Amid a backdrop of rising interest rates, the war in Ukraine and tepid ad spending the industry has now come back down to earth, and is grappling with what to do once the party ends.
The tech lay-offs aren’t happening because the companies are nearing bankruptcy or aren’t performing well financially necessarily. Atlassian’s shares are down only mildly over the past 12 months, compared to others. The lay-offs are instead at least in part due to the fact these companies aren’t growing as quickly as they did during the pandemic, and therefore need to ‘right size’ to a more sustainable level. Investors don’t want to just see growth, they want to see efficient growth. And they have commonly welcomed lay-offs, sending Atlassian shares for example up 2.2 per cent in after-hours trading.

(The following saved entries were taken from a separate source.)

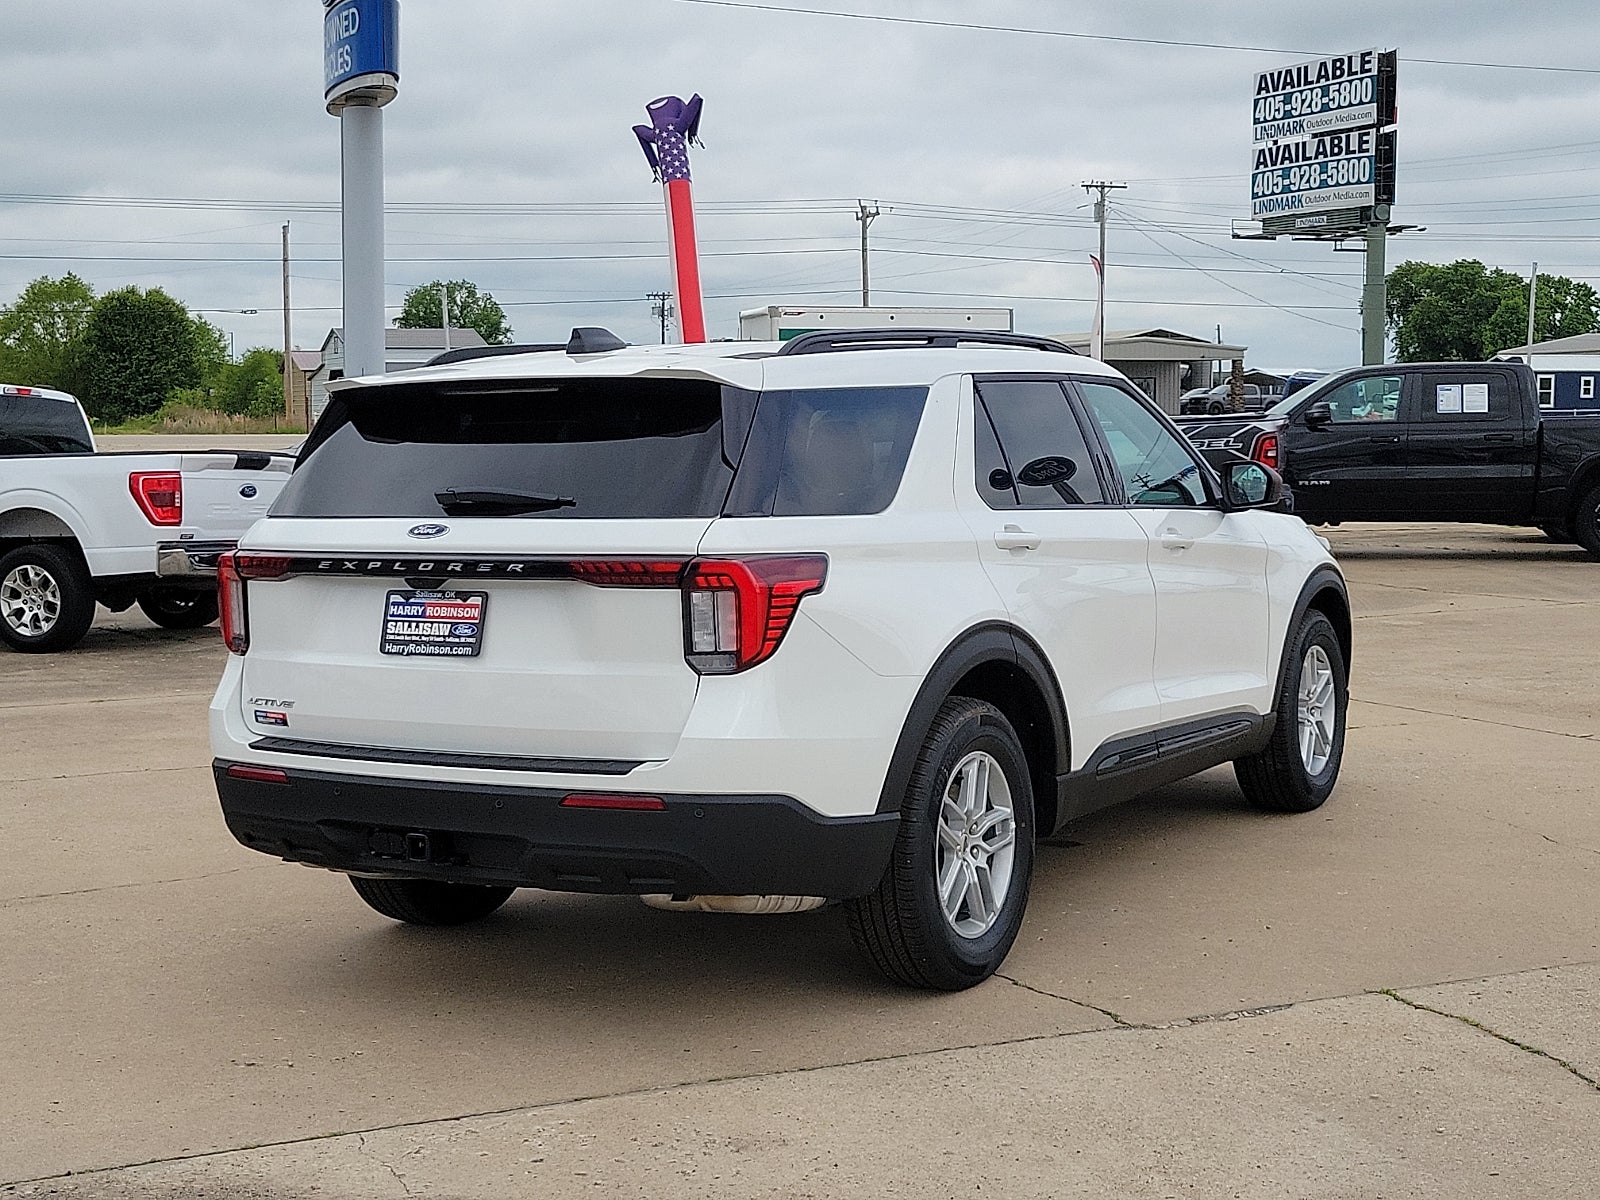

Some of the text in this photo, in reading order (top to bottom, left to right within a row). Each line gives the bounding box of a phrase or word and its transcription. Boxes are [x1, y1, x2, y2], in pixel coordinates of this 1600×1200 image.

[1256, 51, 1374, 96] AVAILABLE
[1254, 77, 1373, 122] 405-928-5800
[1254, 110, 1372, 141] LINDMARK Outdoor Media.com
[1255, 131, 1371, 170] AVAILABLE
[1253, 157, 1370, 196] 405-928-5800
[1254, 189, 1370, 215] LINDMARK Outdoor Media.com
[1296, 216, 1326, 227] LINDMARK
[317, 561, 525, 573] EXPLORER
[444, 591, 456, 599] OK
[390, 606, 479, 619] HARRY ROBINSON
[387, 621, 452, 636] SALLISAW
[384, 643, 473, 656] HarryRobinson.com

The most impacted roles in most of the tech lay-offs – including Atlassian’s – is in HR, given the reduced requirement for the HR function as the companies slow hiring.
Another reason behind the lay-offs is a more simple and psychological one: copycat behaviour.
“The tech industry lay-offs are basically an instance of social contagion, in which companies imitate what others are doing,” Stanford Graduate School of Business professor Jeffrey Pfeffer said.
“If you look for reasons for why companies do lay-offs, the reason is that everybody else is doing it. Lay-offs are the result of imitative behaviour and are not particularly evidence-based.”
While the lay-offs will be difficult for the impacted tech workers, they can look at the young start-ups around them with some hope, or consider starting their own.
Atlassian’s co-founder Farquhar has said he likes to measure his impact by the entrepreneurs who leave Atlassian to start new ventures. He points to the infamous “PayPal mafia”, of which PayPal founders and employees Elon Musk, Reid Hoffman and Peter Thiel were members. They went on to start Tesla, LinkedIn and Palantir respectively.
Multiple Australian technology start-ups have already sprung from Atlassian’s ranks, including customer feedback company Dovetail, search start-up Sajari and workplace communications provider Pyn.
These companies were all started by ex-Atlassian employees.
“I’d love if we were the Atlassian mafia,” Farquhar said in a 2021 interview. “But maybe not as violent … Maybe a different term.”
Any young Australian tech start-up would love to hire an ex-Atlassian employee, and a new round of innovation and scrappy start-ups may yet spring from this painful period.
The lay-offs plaguing the global technology industry truly hit home on Tuesday, when tech darling Atlassian – long one of the nation’s largest and most resilient technology companies – joined a long and growing list of software firms to succumb to the deepening ‘tech wreck’ that has torn through the sector.